While free radicals and inflammation constitute major routes of neuronal injury occurring in neurodegenerative diseases, neither antioxidants nor nonsteroidal anti-inflammatory drugs (NSAIDs) have shown significant efficacy in human clinical trials. To explore the possibility that concurrent blockade of free radicals and PGE2-mediated inflammation might constitute a safe and effective therapeutic approach to certain neurodegenerative diseases, we have developed 2-hydroxy-5-[2-(4-trifluoromethylphenyl)-ethylaminobezoic acid (AAD-2004) as a derivative of aspirin. AAD-2004 completely removed free radicals at 50 nM as a potent spin trapping molecule and inhibited microsomal prostaglandin E synthase-1 (mPGES-1) with an IC50 of 230 nM. Oral administration of AAD-2004 blocked free radical formation, PGE2 formation, and microglial activation in the spinal motor neurons of SOD1G93A mice.
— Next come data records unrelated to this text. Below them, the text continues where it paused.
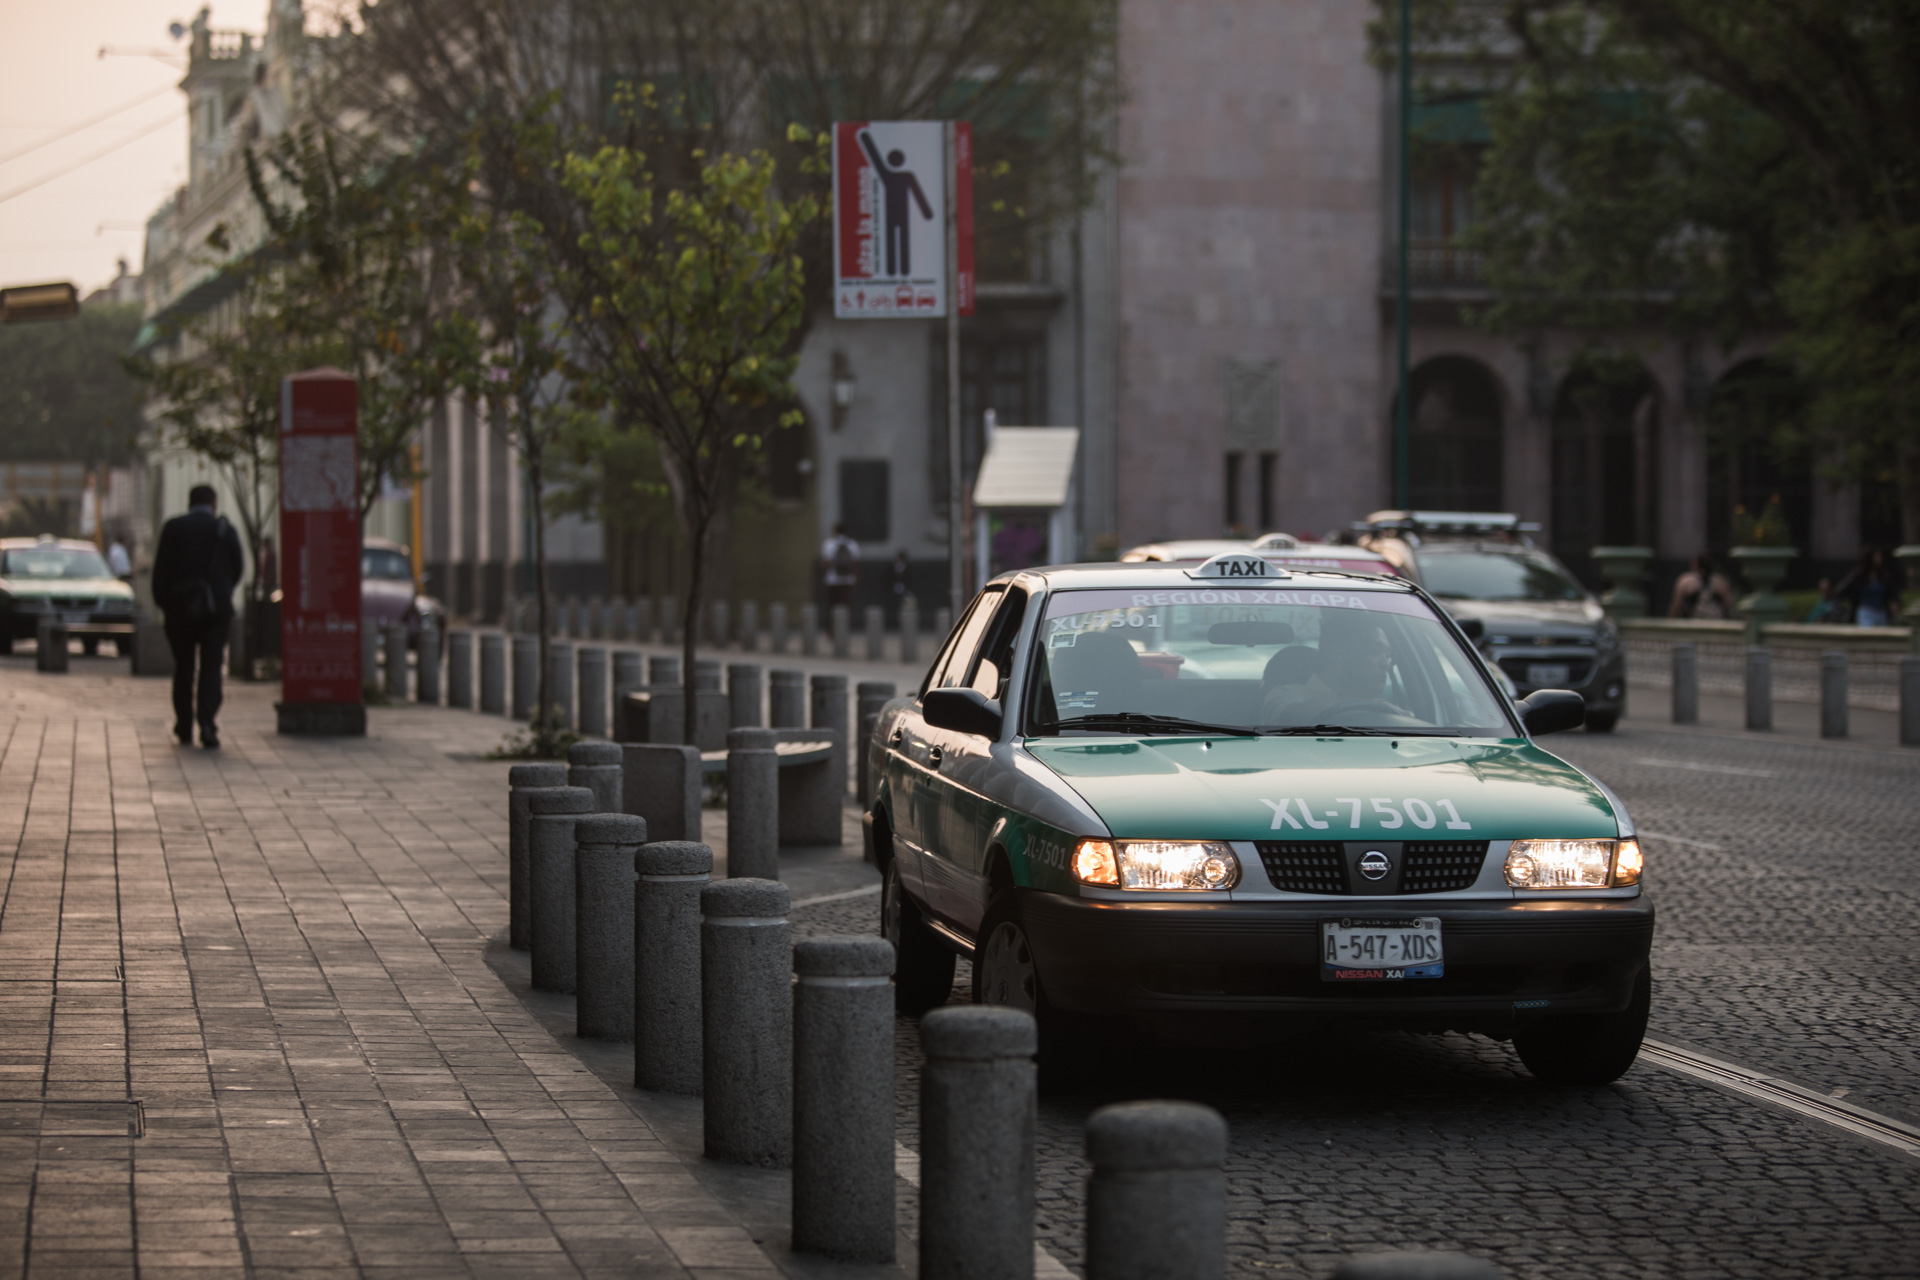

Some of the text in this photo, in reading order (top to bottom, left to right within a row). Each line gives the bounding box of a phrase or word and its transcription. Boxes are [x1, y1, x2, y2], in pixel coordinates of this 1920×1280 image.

[1216, 561, 1266, 576] TAXI
[1132, 590, 1366, 610] REGIÓN XALAPA
[1051, 613, 1162, 632] XL-7501
[1259, 798, 1472, 830] XL-7501
[1022, 833, 1066, 871] XL-7501
[1326, 935, 1439, 961] A-547-XDS
[1335, 970, 1384, 979] NISSAN
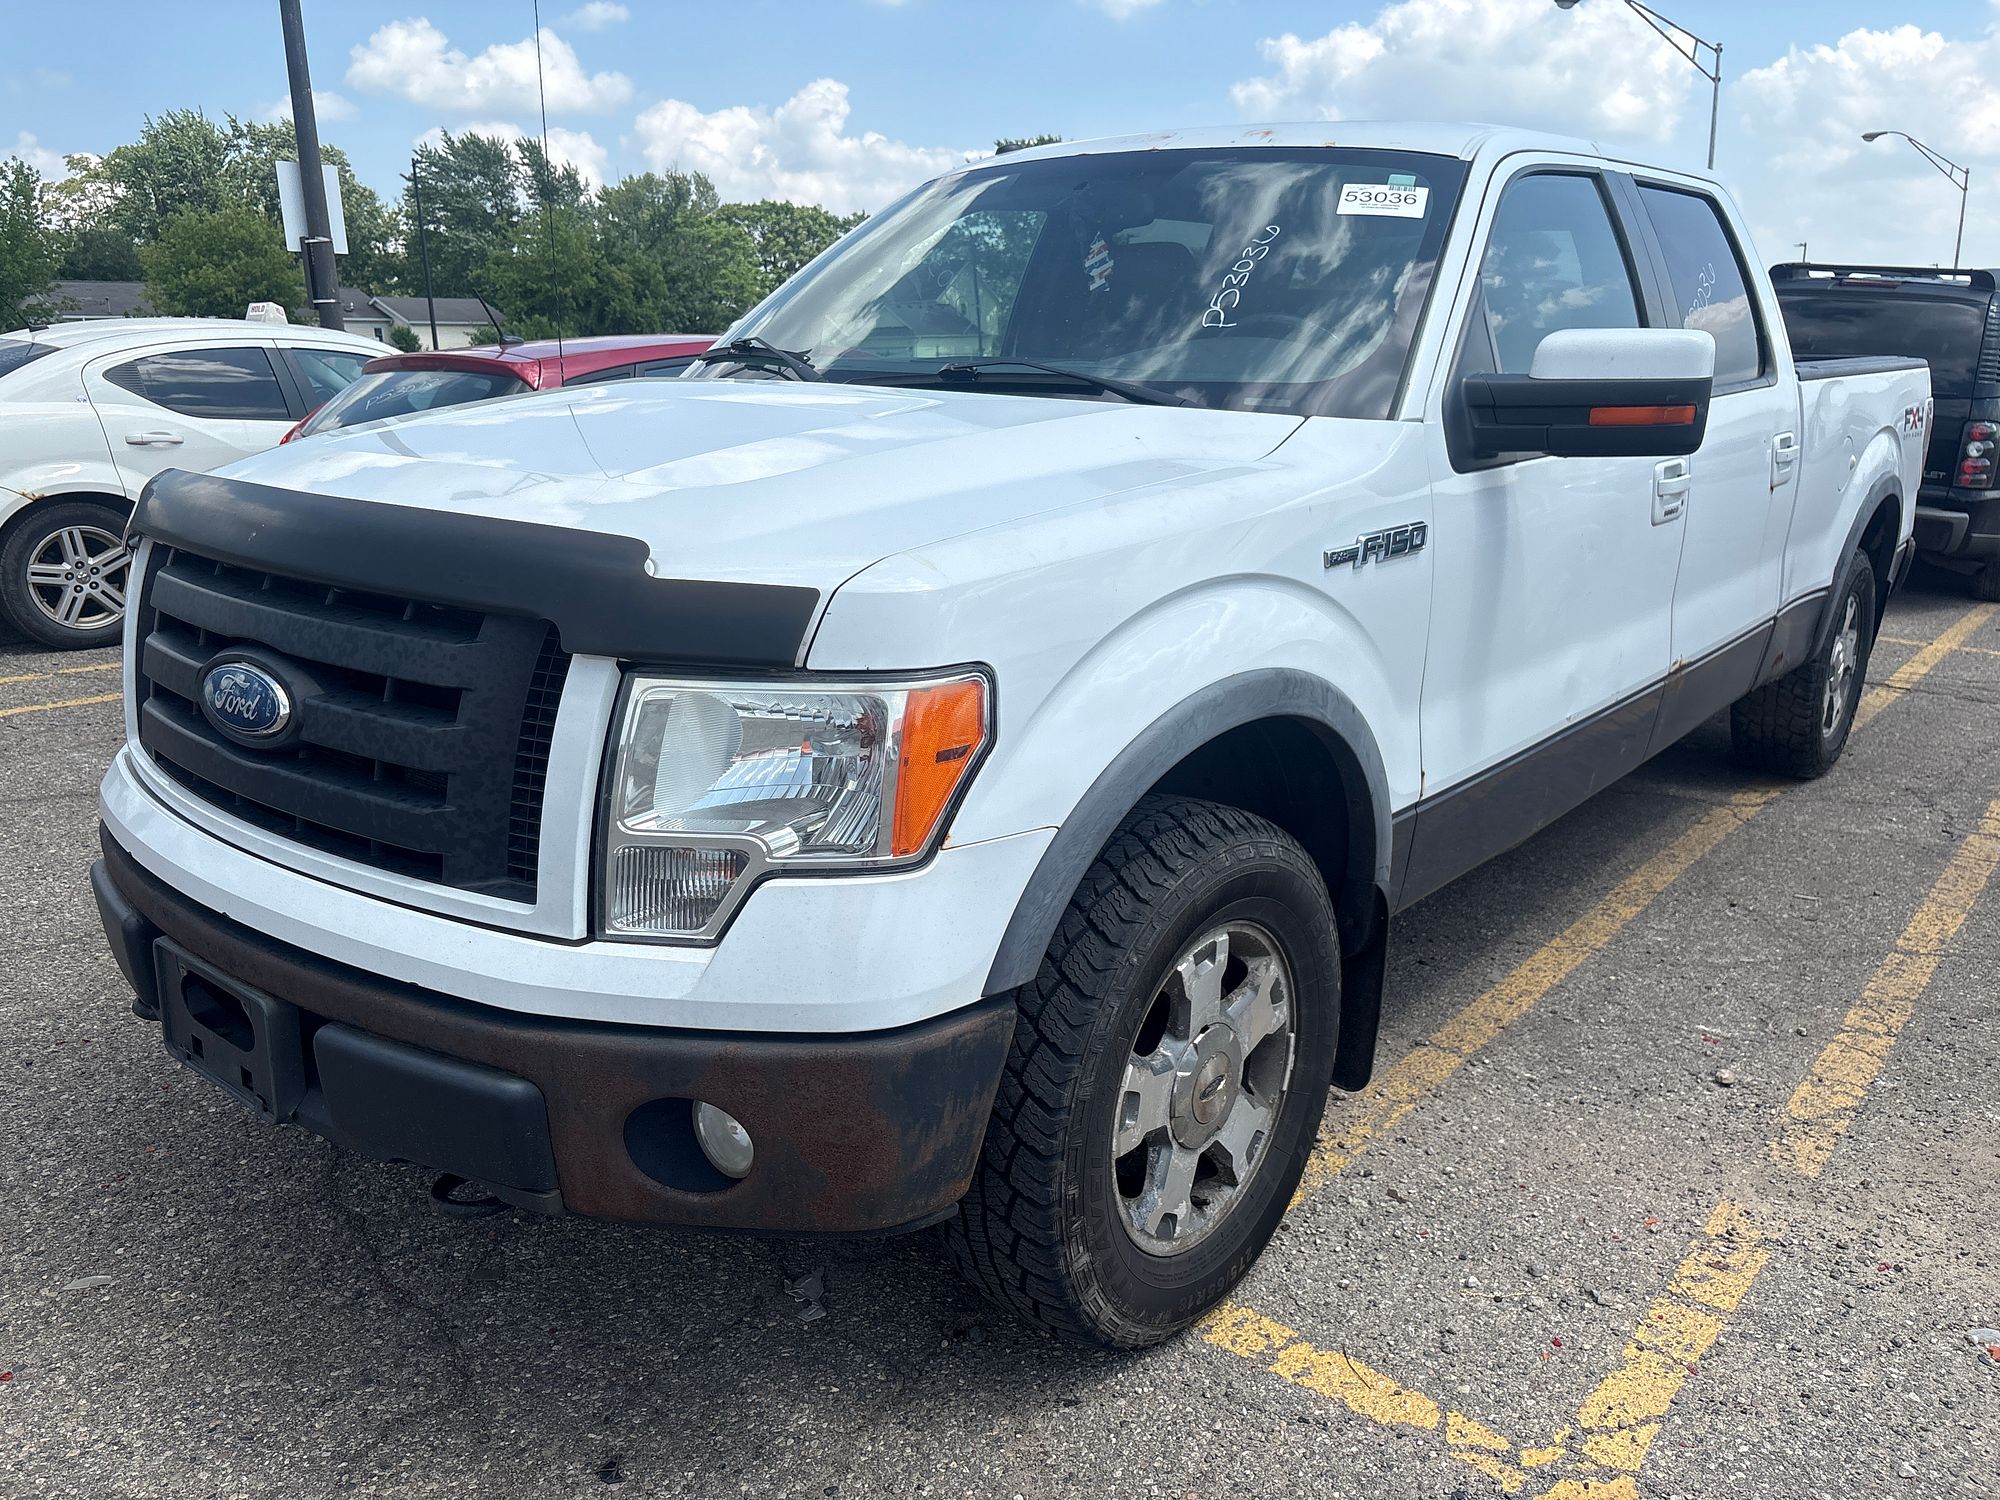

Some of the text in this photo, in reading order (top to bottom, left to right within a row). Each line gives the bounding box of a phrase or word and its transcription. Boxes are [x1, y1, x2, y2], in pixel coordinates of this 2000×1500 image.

[1344, 190, 1418, 205] 53036
[1202, 225, 1280, 328] P53036
[251, 304, 266, 313] HOLD
[1903, 406, 1924, 432] FX4
[1353, 521, 1428, 569] F-150
[214, 674, 261, 720] Ford
As a consequence, AAD-2004 reduced autophagosome formation, axonopathy, and motor neuron degeneration, improving motor function and increasing life span. In these assays, AAD-2004 was superior to ibuprofen or riluzole. Gastric bleeding was not induced by AAD-2004 even at a dose 400-fold higher than that required to obtain maximal therapeutic efficacy in SOD1G93A mice. Targeting both mPGES-1 and free radicals may be a promising approach to reduce neurodegeneration in ALS and possibly other neurodegenerative diseases.